── DATA FOR THIS TASK ──

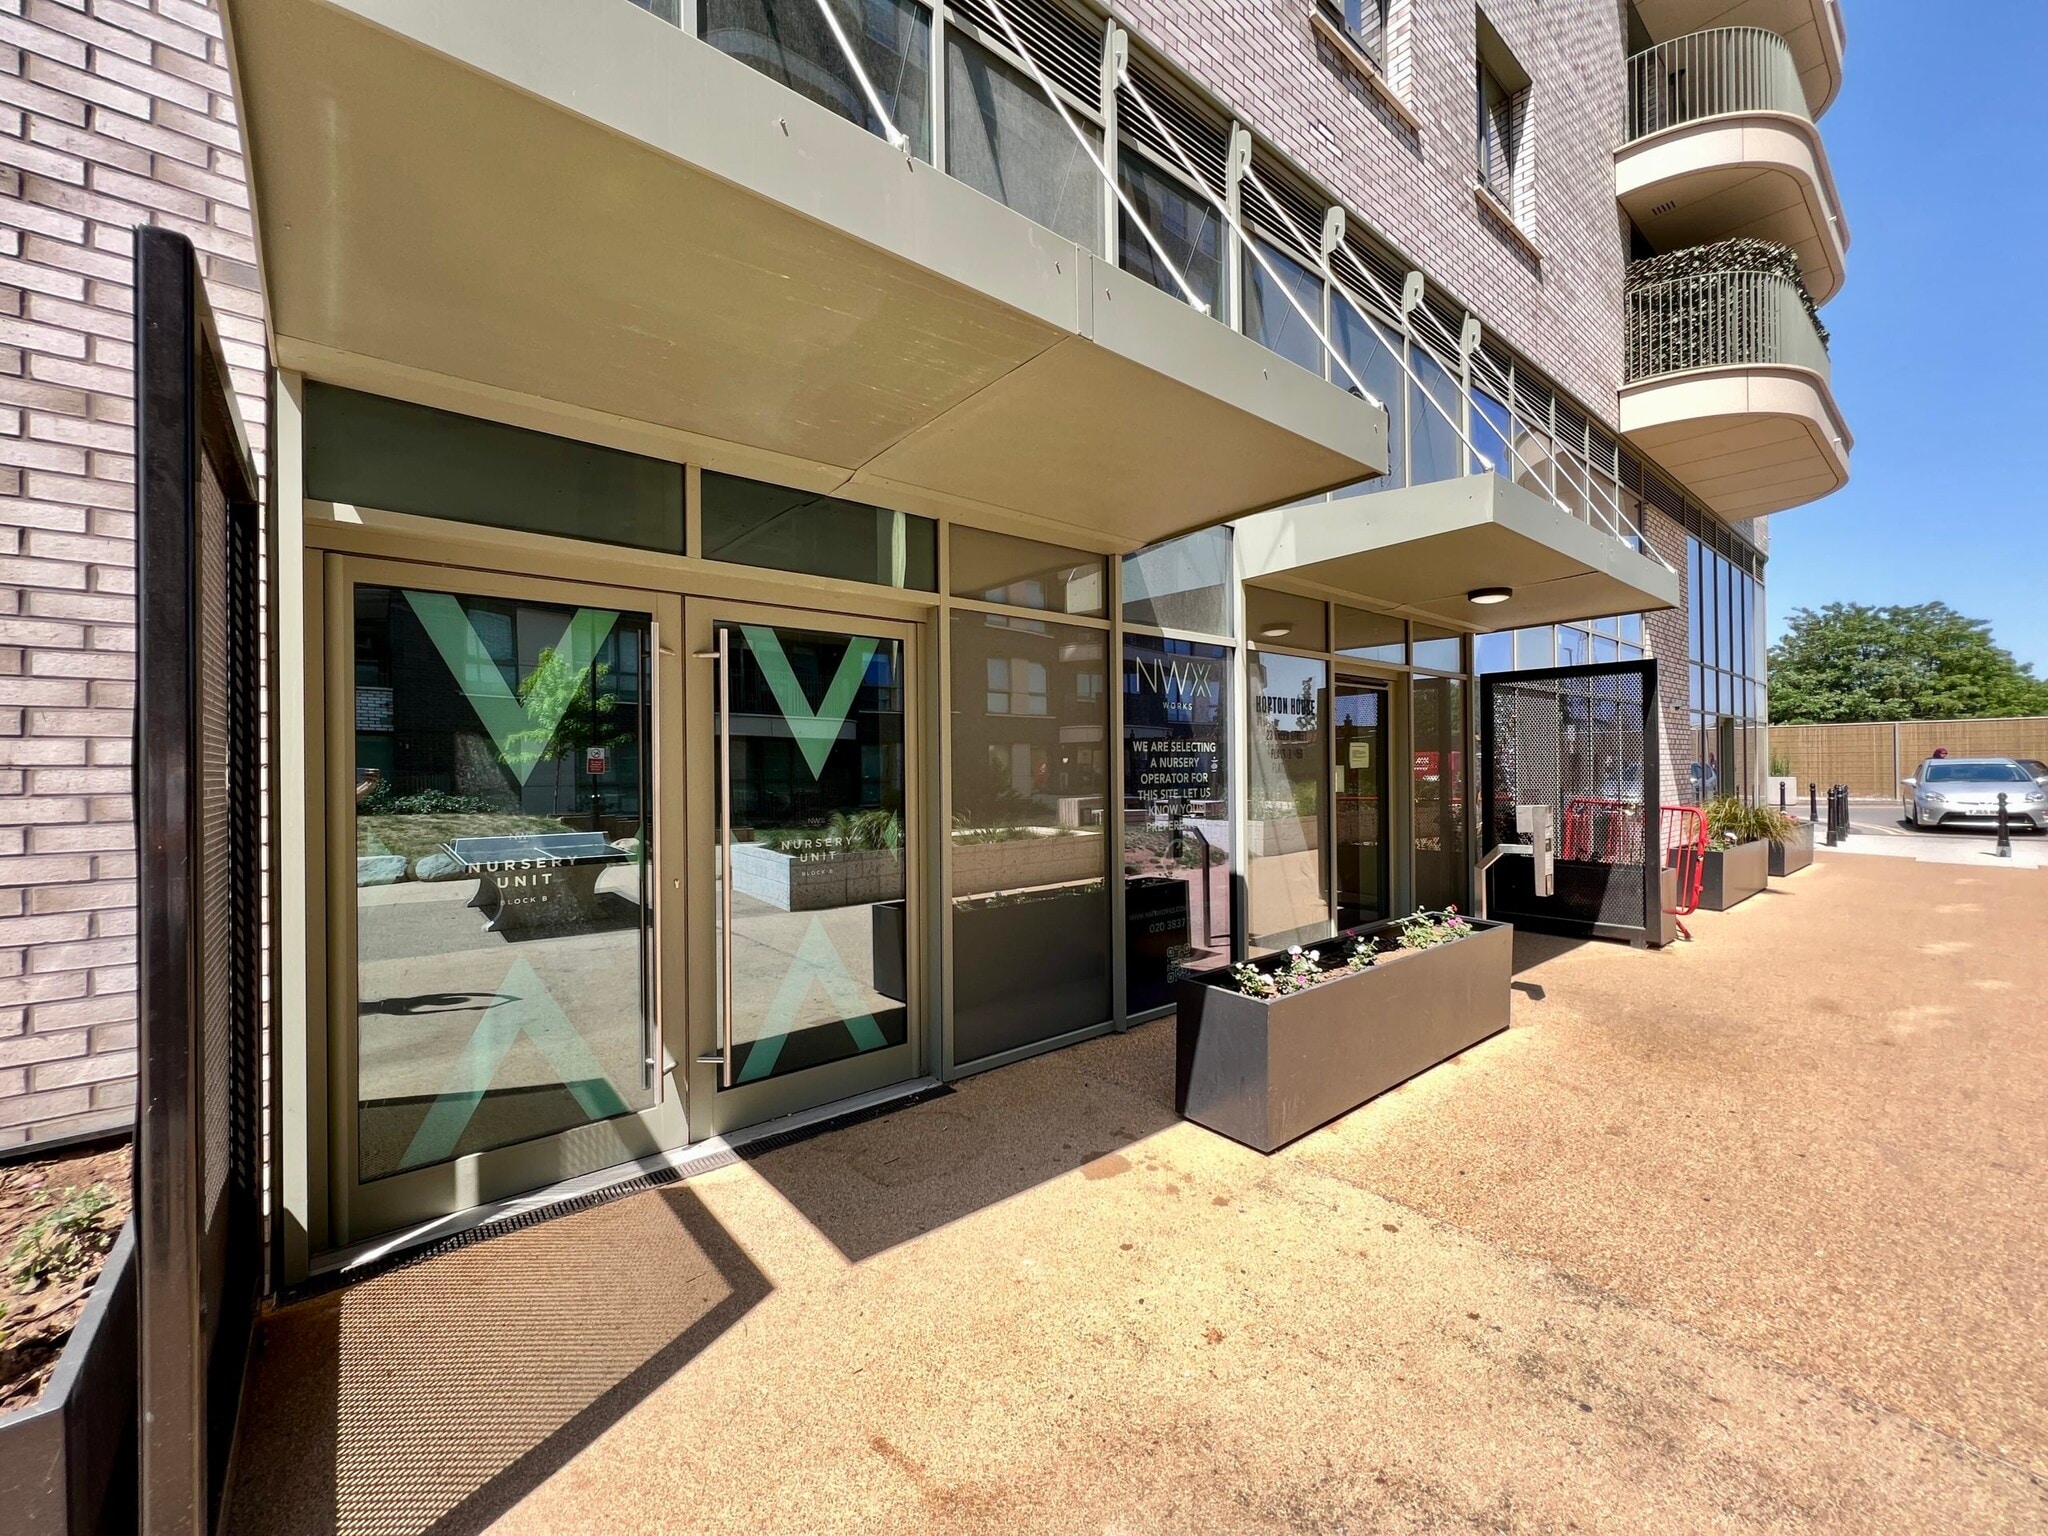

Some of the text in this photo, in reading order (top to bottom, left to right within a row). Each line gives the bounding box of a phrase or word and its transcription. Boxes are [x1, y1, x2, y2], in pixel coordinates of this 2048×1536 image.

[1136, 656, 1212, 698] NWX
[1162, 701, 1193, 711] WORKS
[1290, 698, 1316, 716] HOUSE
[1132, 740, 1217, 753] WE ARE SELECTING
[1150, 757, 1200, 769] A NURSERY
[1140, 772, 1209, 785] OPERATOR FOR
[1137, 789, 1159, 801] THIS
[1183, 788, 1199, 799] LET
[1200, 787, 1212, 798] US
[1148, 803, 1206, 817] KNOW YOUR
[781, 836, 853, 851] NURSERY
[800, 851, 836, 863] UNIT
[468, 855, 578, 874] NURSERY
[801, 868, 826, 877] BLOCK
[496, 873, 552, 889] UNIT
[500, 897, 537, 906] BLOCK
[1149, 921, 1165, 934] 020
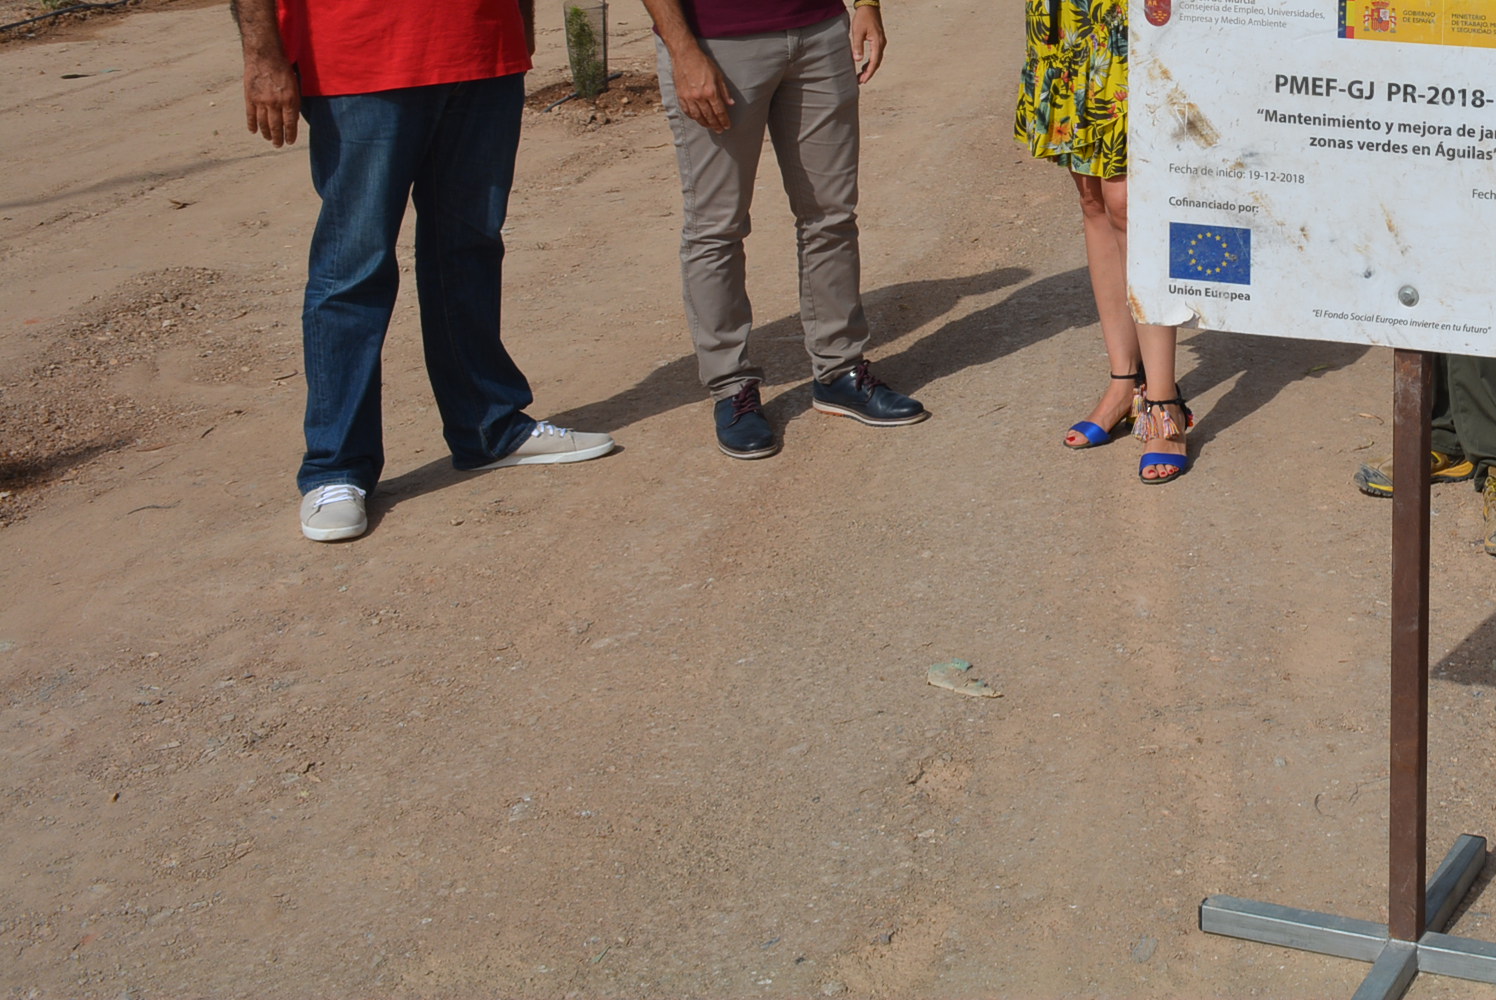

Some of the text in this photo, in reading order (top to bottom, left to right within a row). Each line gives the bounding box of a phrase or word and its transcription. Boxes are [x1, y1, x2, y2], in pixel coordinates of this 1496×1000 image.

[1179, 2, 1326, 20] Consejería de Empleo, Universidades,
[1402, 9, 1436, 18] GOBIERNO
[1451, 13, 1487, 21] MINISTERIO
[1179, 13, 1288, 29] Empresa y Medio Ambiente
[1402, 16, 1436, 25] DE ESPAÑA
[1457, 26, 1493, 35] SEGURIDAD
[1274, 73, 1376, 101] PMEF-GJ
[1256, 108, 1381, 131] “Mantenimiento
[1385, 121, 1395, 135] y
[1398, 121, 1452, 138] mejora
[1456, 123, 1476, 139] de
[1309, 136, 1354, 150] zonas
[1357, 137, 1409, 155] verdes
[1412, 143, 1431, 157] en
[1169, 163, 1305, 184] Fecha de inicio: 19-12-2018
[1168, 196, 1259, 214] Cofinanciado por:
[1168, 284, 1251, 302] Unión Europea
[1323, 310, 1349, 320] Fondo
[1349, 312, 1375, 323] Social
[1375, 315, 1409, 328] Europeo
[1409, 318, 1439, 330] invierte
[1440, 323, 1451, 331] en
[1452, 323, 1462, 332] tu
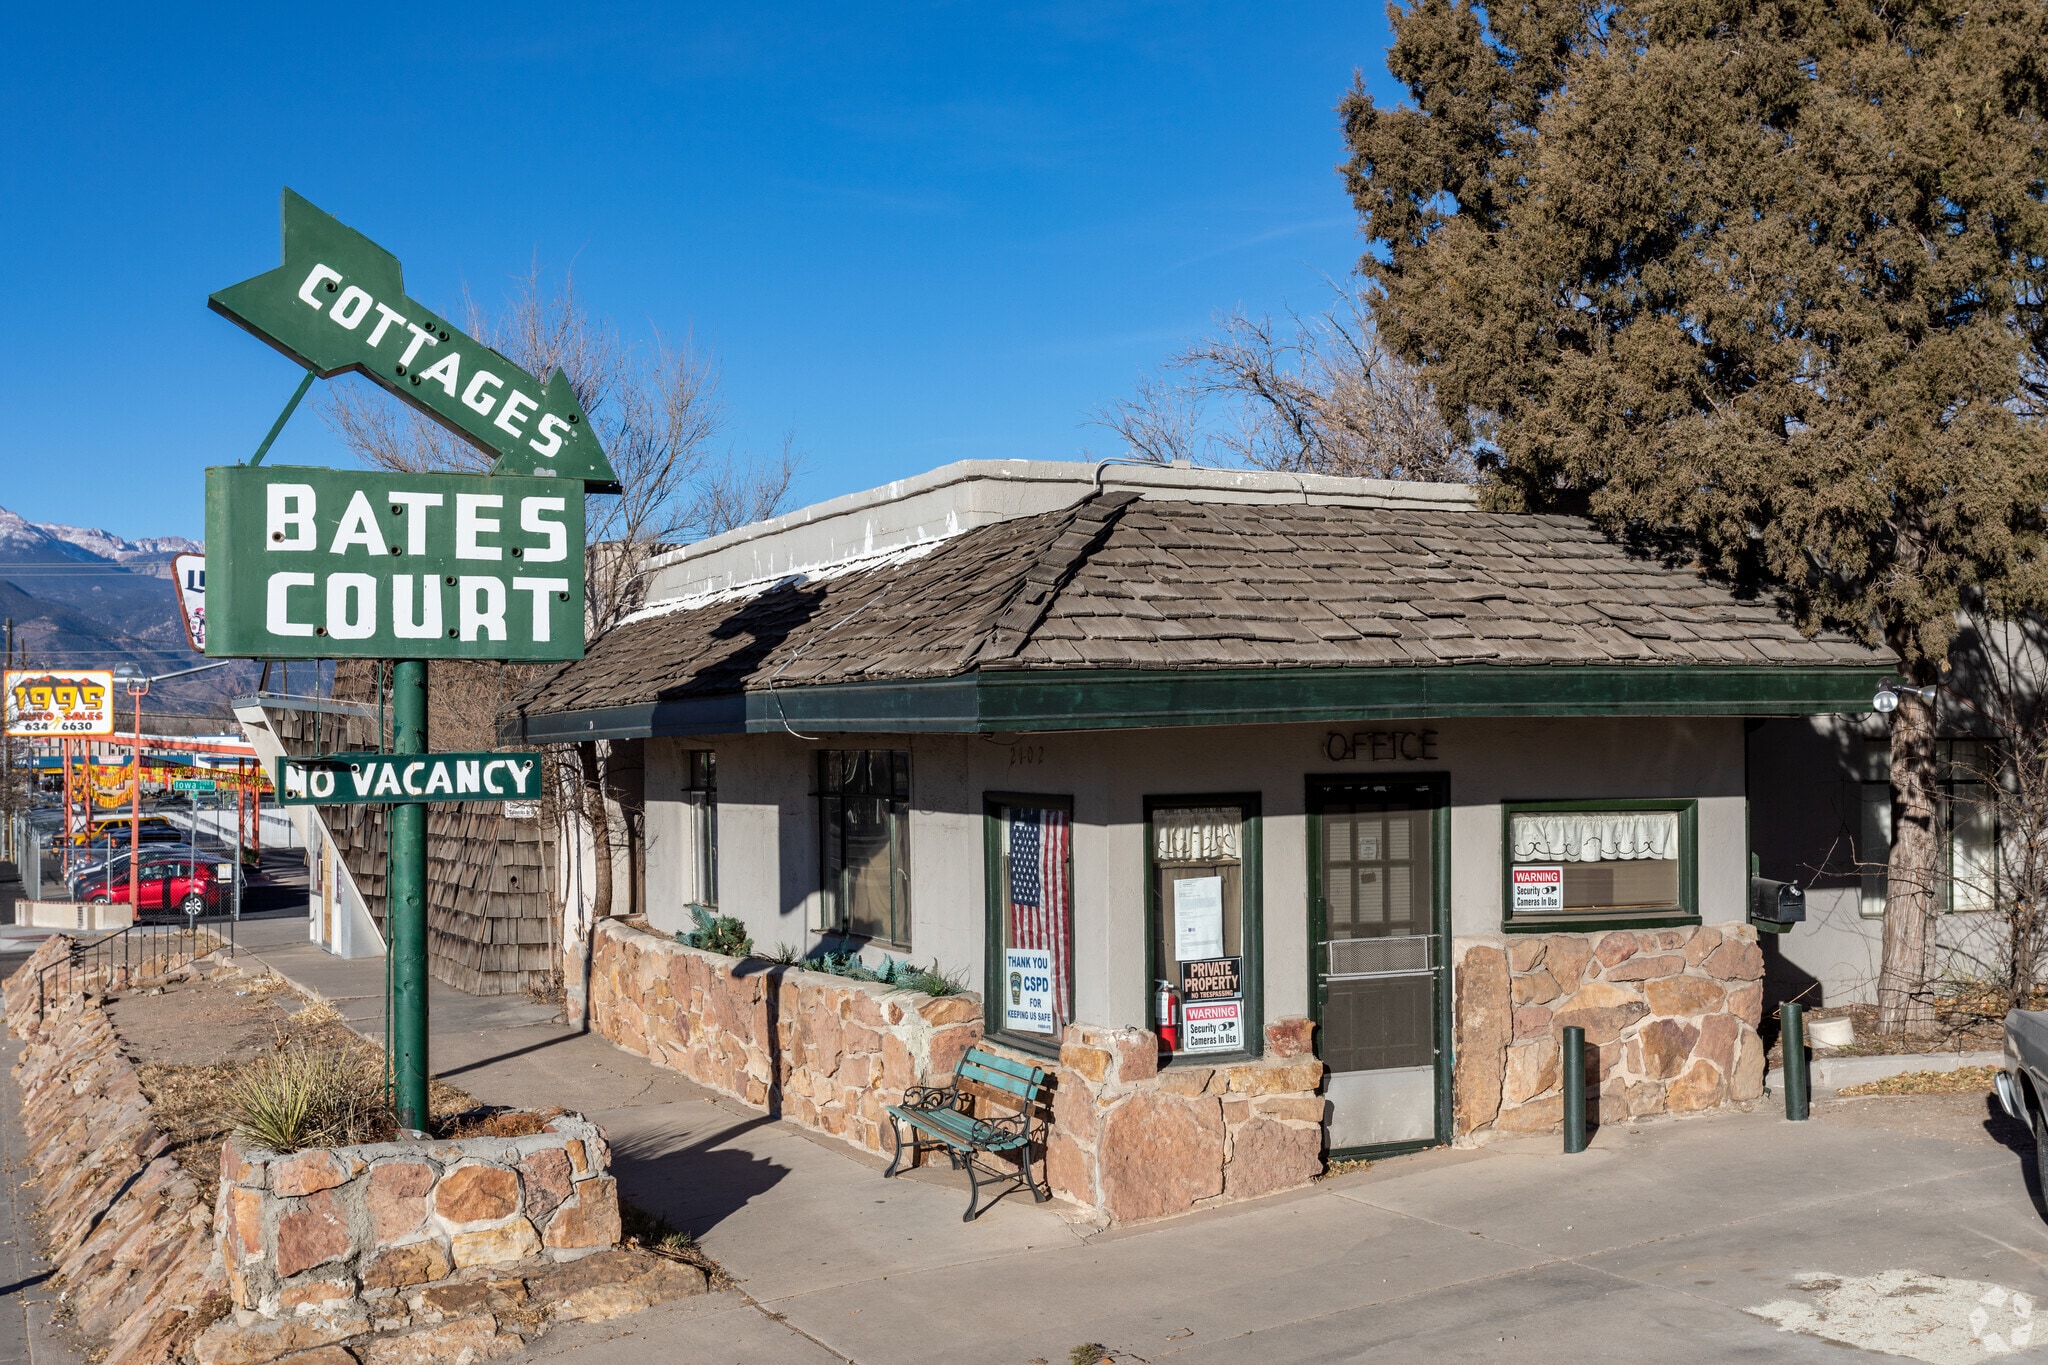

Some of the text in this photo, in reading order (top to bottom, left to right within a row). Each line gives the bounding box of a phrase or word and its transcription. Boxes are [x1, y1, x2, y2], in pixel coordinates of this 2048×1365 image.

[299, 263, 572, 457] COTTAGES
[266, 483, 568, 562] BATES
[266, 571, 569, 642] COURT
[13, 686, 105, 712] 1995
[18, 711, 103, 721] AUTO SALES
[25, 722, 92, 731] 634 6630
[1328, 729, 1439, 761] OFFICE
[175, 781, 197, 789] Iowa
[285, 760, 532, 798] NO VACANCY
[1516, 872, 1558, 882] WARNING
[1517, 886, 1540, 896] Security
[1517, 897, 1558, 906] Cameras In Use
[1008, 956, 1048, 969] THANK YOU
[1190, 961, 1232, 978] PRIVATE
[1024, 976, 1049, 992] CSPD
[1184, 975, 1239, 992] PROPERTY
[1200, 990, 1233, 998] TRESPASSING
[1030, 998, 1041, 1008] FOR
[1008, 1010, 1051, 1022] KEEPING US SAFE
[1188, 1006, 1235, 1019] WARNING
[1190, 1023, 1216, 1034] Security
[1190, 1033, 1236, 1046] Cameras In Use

───

TASK OBJECTIVE:
Restate each entry word for word, please, but drop any images it holds.

TASK ANSWER:
Some of the text in this photo, in reading order (top to bottom, left to right within a row). Each line gives the bounding box of a phrase or word and its transcription. Boxes are [x1, y1, x2, y2], in pixel coordinates of this 2048×1536 image.

[1136, 656, 1212, 698] NWX
[1162, 701, 1193, 711] WORKS
[1290, 698, 1316, 716] HOUSE
[1132, 740, 1217, 753] WE ARE SELECTING
[1150, 757, 1200, 769] A NURSERY
[1140, 772, 1209, 785] OPERATOR FOR
[1137, 789, 1159, 801] THIS
[1183, 788, 1199, 799] LET
[1200, 787, 1212, 798] US
[1148, 803, 1206, 817] KNOW YOUR
[781, 836, 853, 851] NURSERY
[800, 851, 836, 863] UNIT
[468, 855, 578, 874] NURSERY
[801, 868, 826, 877] BLOCK
[496, 873, 552, 889] UNIT
[500, 897, 537, 906] BLOCK
[1149, 921, 1165, 934] 020

Some of the text in this photo, in reading order (top to bottom, left to right within a row). Each line gives the bounding box of a phrase or word and its transcription. Boxes are [x1, y1, x2, y2], in pixel coordinates of this 1496×1000 image.

[1179, 2, 1326, 20] Consejería de Empleo, Universidades,
[1402, 9, 1436, 18] GOBIERNO
[1451, 13, 1487, 21] MINISTERIO
[1179, 13, 1288, 29] Empresa y Medio Ambiente
[1402, 16, 1436, 25] DE ESPAÑA
[1457, 26, 1493, 35] SEGURIDAD
[1274, 73, 1376, 101] PMEF-GJ
[1256, 108, 1381, 131] “Mantenimiento
[1385, 121, 1395, 135] y
[1398, 121, 1452, 138] mejora
[1456, 123, 1476, 139] de
[1309, 136, 1354, 150] zonas
[1357, 137, 1409, 155] verdes
[1412, 143, 1431, 157] en
[1169, 163, 1305, 184] Fecha de inicio: 19-12-2018
[1168, 196, 1259, 214] Cofinanciado por:
[1168, 284, 1251, 302] Unión Europea
[1323, 310, 1349, 320] Fondo
[1349, 312, 1375, 323] Social
[1375, 315, 1409, 328] Europeo
[1409, 318, 1439, 330] invierte
[1440, 323, 1451, 331] en
[1452, 323, 1462, 332] tu

Some of the text in this photo, in reading order (top to bottom, left to right within a row). Each line gives the bounding box of a phrase or word and its transcription. Boxes are [x1, y1, x2, y2], in pixel coordinates of this 2048×1365 image.

[299, 263, 572, 457] COTTAGES
[266, 483, 568, 562] BATES
[266, 571, 569, 642] COURT
[13, 686, 105, 712] 1995
[18, 711, 103, 721] AUTO SALES
[25, 722, 92, 731] 634 6630
[1328, 729, 1439, 761] OFFICE
[175, 781, 197, 789] Iowa
[285, 760, 532, 798] NO VACANCY
[1516, 872, 1558, 882] WARNING
[1517, 886, 1540, 896] Security
[1517, 897, 1558, 906] Cameras In Use
[1008, 956, 1048, 969] THANK YOU
[1190, 961, 1232, 978] PRIVATE
[1024, 976, 1049, 992] CSPD
[1184, 975, 1239, 992] PROPERTY
[1200, 990, 1233, 998] TRESPASSING
[1030, 998, 1041, 1008] FOR
[1008, 1010, 1051, 1022] KEEPING US SAFE
[1188, 1006, 1235, 1019] WARNING
[1190, 1023, 1216, 1034] Security
[1190, 1033, 1236, 1046] Cameras In Use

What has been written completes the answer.